A first aider is someone who has completed a recognised first aid qualification, typically either a First Aid at Work (FAW) or an Emergency First Aid at Work (EFAW) certificate. These are the qualifications the Health and Safety Executive references under the Health and Safety (First-Aid) Regulations 1981, and they’re what most employers are legally required to have in place.
First aiders are trained to assess a situation, manage a range of injuries and medical emergencies, perform CPR, use an AED, control bleeding, manage an unconscious casualty, and hand over to emergency services when needed. They’re not clinically trained medical professionals. Their job is to provide immediate care until more qualified help arrives.
How many first aiders a business needs, and at what level, depends on a risk assessment of the workplace. A busy construction site has different requirements from a small office. The HSE’s guidance on first aid at work is the starting point for any employer working this out, and the updated L74 guidance (2024) sets out what “adequate and appropriate” provision actually looks like in practice. If you’re unsure which qualification is right for your team, our post on FAW vs EFAW walks through exactly that.
In the UK, “first responder” isn’t a protected title. Anyone can use it. That matters because it means two very different groups of people operate under that label.
A Community First Responder is a volunteer, dispatched by an NHS ambulance service, trained to attend certain 999 calls in their local area before an ambulance can get there. They’re particularly valuable in rural areas where response times are longer. CFRs are trained in life-saving interventions, including CPR and defibrillation, and they work under the governance of the relevant ambulance trust. They’re not paramedics. But they can make a significant difference in the minutes before one arrives.
CFR schemes are managed by local ambulance services across England. You can see how they operate in practice via services such as Yorkshire Ambulance Service and West Midlands Ambulance Service. Training standards vary between trusts, though many now use the national Level 3 First Responder on Scene (FROS) syllabus.

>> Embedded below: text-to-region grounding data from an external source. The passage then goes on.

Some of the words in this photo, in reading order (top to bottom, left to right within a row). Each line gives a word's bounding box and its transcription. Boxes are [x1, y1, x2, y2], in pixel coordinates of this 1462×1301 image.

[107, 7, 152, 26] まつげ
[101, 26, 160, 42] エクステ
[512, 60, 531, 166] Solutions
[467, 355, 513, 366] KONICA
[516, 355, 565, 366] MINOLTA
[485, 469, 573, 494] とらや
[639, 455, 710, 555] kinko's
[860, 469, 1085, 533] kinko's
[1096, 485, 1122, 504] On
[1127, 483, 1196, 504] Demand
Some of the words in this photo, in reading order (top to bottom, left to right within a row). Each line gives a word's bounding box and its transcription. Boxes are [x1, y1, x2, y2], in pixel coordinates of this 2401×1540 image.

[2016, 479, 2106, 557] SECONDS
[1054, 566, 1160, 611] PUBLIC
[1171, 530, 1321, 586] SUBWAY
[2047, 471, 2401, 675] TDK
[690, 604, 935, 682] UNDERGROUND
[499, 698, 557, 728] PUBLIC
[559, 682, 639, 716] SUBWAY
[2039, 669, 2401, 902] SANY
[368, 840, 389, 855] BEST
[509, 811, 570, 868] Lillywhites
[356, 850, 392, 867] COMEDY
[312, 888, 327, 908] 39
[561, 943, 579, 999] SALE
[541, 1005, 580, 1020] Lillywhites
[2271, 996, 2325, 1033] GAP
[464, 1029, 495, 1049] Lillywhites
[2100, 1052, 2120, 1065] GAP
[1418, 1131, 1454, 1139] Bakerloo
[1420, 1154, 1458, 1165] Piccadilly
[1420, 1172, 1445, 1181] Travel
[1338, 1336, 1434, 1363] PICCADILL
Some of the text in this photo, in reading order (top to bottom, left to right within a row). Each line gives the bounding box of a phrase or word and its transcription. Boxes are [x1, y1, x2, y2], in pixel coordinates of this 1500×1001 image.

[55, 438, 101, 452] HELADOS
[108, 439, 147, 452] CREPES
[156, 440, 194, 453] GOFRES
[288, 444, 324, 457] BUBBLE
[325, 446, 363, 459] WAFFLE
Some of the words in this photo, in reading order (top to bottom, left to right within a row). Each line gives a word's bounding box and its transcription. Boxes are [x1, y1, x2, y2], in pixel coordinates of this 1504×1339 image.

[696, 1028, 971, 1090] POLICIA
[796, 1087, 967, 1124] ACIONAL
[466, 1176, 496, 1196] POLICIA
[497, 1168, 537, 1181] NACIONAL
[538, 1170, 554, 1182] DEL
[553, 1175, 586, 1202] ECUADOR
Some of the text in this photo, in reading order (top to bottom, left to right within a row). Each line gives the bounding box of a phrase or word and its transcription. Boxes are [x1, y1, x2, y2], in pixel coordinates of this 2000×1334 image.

The second use of “first responder” comes from the event medical and pre-hospital care sector. Here, it describes someone with enhanced clinical training beyond standard first aid, able to deliver interventions such as oxygen therapy, airway management, and trauma care. The Level 3 Award in First Response Emergency Care (FREC 3) is the leading regulated qualification in this space, updated and re-launched in June 2025. It’s endorsed by the Royal College of Surgeons of Edinburgh Faculty of Pre-Hospital Care and sits on the Regulated Qualifications Framework (RQF). But the job title “first responder” still carries no legal protection in the UK. If a provider or contractor is using that title, always ask what qualification sits behind it.
For most businesses, the question isn’t whether you need a first responder. It’s whether you have the right first aid provision in place under the Health and Safety (First-Aid) Regulations 1981. That starts with a proper needs assessment and ends with trained, certificated staff and a plan for when something goes wrong.
If you’re overwhelmed and don’t know where to start, we have published a handy guide, ‘Workplace First Aid in the UK: Employer Duties, HSE Requirements and Best Practice‘ for employers.
If your workplace has a higher clinical risk, such as a care setting, a large events venue, or a remote worksite, there may be a case for provision beyond standard first aid. But that’s a conversation worth having with a training provider who actually understands your sector.
We deliver First Aid at Work and Emergency First Aid at Work training across Greater Manchester, London, Surrey and beyond. If you want to talk through what your business actually needs, get in touch.
This article is intended for general guidance and awareness only. It reflects current UK guidance and practice at the time of writing, but does not replace formal training, workplace risk assessment, or professional advice. Employers should refer to the Health and Safety (First-Aid) Regulations 1981 and relevant HSE guidance when determining appropriate first aid provision.